La révolte de Babak a conduit le califat à exercer une
pression plus forte sur le contrôle direct et l'orthodoxie islamique dans les
montagnes. Cette situation a été aggravée par la montée des dynasties rebelles
iraniennes non khurramites, principalement les Buyids, sur le territoire
khurramite au cours du Xe siècle, ce qui a éliminé une grande partie du soutien
iranien non khurramite à la rébellion. Les guerres des royaumes islamiques avec
Byzance, l'Arménie et la Géorgie ont encore affaibli les Khurramites jusqu'à ce
que l'arrivée de l'Empire mongol fasse disparaître la culture khurramite au
XIIIe siècle.
Cependant, la fin des Mazdakites et des Khurramites
auto-identifiés n'a pas signifié la fin totale de leur mode de vie.
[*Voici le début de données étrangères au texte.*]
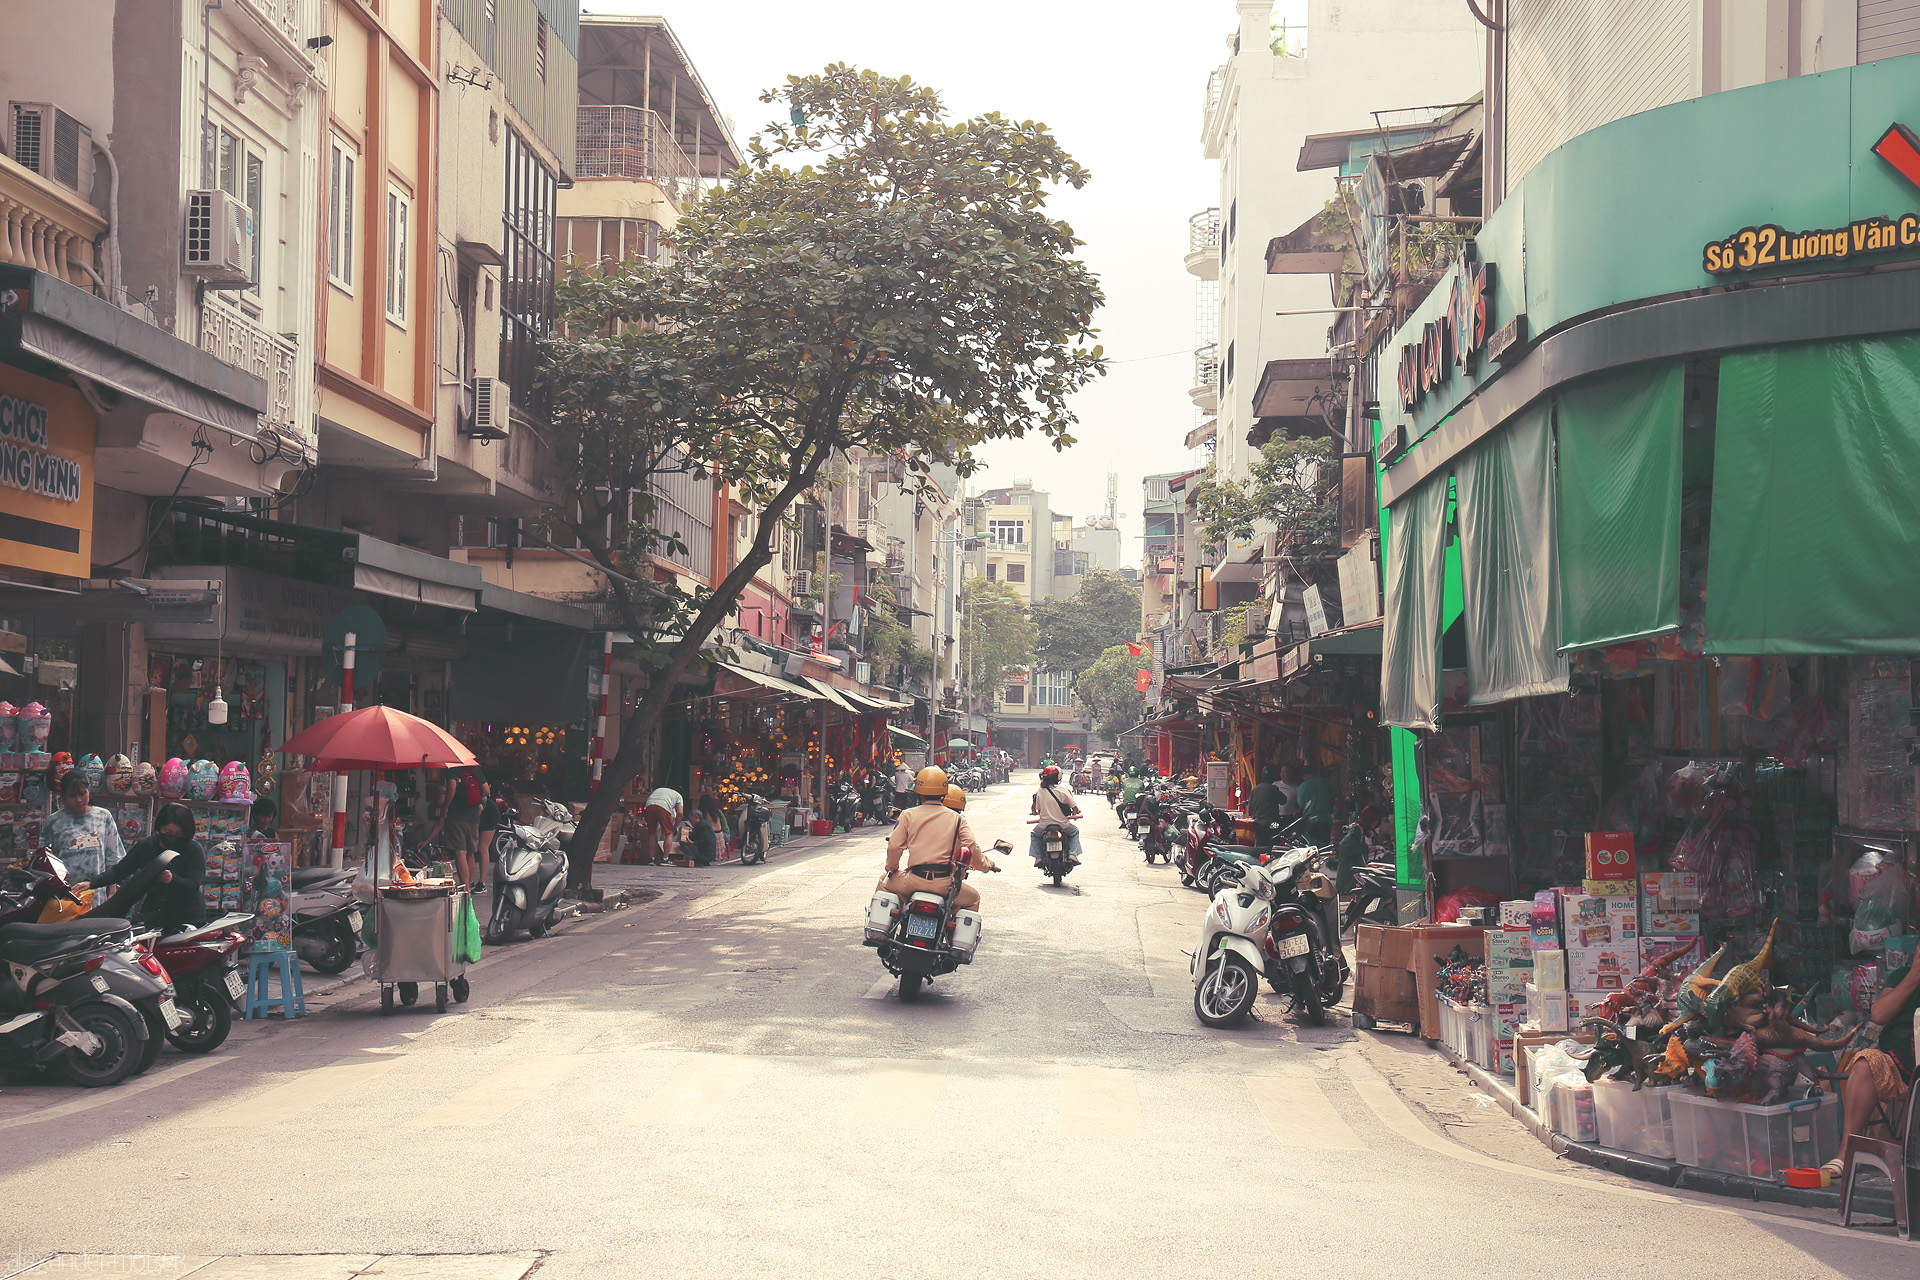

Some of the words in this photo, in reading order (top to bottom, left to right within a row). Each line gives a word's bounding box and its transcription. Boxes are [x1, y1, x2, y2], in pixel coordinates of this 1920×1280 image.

Des
croyances et des pratiques similaires ont prospéré sous d'autres noms et dans
de nouvelles cultures qui ont émergé au cours des siècles suivants. Certains
aspects de la société et de la théologie khurramites sont maintenus aujourd'hui
par des mouvements religieux minoritaires dans les communautés kurdes et
yazidies. Leur héritage s'est également manifesté dans l'islam soufi, qui s'est
épanoui dans les anciennes régions khurramites avec un grand nombre de
croyances identiques. L'héritage khurramite le plus important a pris la forme
des Qizilbash, une secte chiite d'Azerbaïdjan décrite comme les « successeurs
spirituels des Khurramites ». Les Qizilbash ont constitué une base de soutien
précoce pour le Shah Ismail I, fondateur de la dynastie Safavide, qui a formé
l'État iranien moderne ».
-Trevor Culley, "The “Communists” of Ancient Iran. Mazdak and the Khurramites", The Collector, 27 février 2024.